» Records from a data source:
......
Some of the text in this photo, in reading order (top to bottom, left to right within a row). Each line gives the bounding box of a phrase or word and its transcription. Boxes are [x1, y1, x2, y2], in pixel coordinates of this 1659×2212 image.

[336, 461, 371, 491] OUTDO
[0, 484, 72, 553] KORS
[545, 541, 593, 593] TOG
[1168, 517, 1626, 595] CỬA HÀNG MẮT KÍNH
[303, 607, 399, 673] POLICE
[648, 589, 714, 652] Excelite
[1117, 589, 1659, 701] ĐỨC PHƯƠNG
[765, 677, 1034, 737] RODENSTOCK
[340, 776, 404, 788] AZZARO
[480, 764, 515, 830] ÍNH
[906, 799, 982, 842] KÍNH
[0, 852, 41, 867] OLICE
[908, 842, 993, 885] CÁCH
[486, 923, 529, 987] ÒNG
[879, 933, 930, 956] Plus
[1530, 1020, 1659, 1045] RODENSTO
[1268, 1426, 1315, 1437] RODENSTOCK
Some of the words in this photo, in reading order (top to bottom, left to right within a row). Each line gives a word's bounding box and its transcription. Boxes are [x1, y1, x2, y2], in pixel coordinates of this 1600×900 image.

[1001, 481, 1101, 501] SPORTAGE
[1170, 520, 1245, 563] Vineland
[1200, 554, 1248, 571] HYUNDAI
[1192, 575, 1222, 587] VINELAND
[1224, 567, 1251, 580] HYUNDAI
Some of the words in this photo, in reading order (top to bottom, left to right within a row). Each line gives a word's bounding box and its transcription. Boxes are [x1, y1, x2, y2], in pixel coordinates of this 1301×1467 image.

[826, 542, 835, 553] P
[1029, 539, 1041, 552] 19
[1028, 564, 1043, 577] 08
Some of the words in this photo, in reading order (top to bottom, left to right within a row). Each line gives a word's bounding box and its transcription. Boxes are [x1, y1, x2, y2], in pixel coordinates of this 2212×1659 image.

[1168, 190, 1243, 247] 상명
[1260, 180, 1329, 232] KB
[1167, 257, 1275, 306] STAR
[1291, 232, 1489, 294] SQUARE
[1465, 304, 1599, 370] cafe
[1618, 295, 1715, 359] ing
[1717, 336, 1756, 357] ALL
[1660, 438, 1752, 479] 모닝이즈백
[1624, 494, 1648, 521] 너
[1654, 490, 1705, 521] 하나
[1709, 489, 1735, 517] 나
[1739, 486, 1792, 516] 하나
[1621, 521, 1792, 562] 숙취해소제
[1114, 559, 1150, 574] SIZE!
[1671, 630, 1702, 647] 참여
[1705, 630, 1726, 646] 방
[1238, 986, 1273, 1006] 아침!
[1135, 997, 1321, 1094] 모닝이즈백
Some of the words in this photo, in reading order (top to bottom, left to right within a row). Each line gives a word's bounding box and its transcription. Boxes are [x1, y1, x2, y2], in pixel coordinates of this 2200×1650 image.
......
» REQUIRED WORK: Set down, exactly and in full, the lines from the one containing "this 1600×900 image." through the end of the entries; no other line belongs.

» RESPONSE BOX:
Some of the words in this photo, in reading order (top to bottom, left to right within a row). Each line gives a word's bounding box and its transcription. Boxes are [x1, y1, x2, y2], in pixel coordinates of this 1600×900 image.

[1001, 481, 1101, 501] SPORTAGE
[1170, 520, 1245, 563] Vineland
[1200, 554, 1248, 571] HYUNDAI
[1192, 575, 1222, 587] VINELAND
[1224, 567, 1251, 580] HYUNDAI
Some of the words in this photo, in reading order (top to bottom, left to right within a row). Each line gives a word's bounding box and its transcription. Boxes are [x1, y1, x2, y2], in pixel coordinates of this 1301×1467 image.

[826, 542, 835, 553] P
[1029, 539, 1041, 552] 19
[1028, 564, 1043, 577] 08
Some of the words in this photo, in reading order (top to bottom, left to right within a row). Each line gives a word's bounding box and its transcription. Boxes are [x1, y1, x2, y2], in pixel coordinates of this 2212×1659 image.

[1168, 190, 1243, 247] 상명
[1260, 180, 1329, 232] KB
[1167, 257, 1275, 306] STAR
[1291, 232, 1489, 294] SQUARE
[1465, 304, 1599, 370] cafe
[1618, 295, 1715, 359] ing
[1717, 336, 1756, 357] ALL
[1660, 438, 1752, 479] 모닝이즈백
[1624, 494, 1648, 521] 너
[1654, 490, 1705, 521] 하나
[1709, 489, 1735, 517] 나
[1739, 486, 1792, 516] 하나
[1621, 521, 1792, 562] 숙취해소제
[1114, 559, 1150, 574] SIZE!
[1671, 630, 1702, 647] 참여
[1705, 630, 1726, 646] 방
[1238, 986, 1273, 1006] 아침!
[1135, 997, 1321, 1094] 모닝이즈백
Some of the words in this photo, in reading order (top to bottom, left to right within a row). Each line gives a word's bounding box and its transcription. Boxes are [x1, y1, x2, y2], in pixel coordinates of this 2200×1650 image.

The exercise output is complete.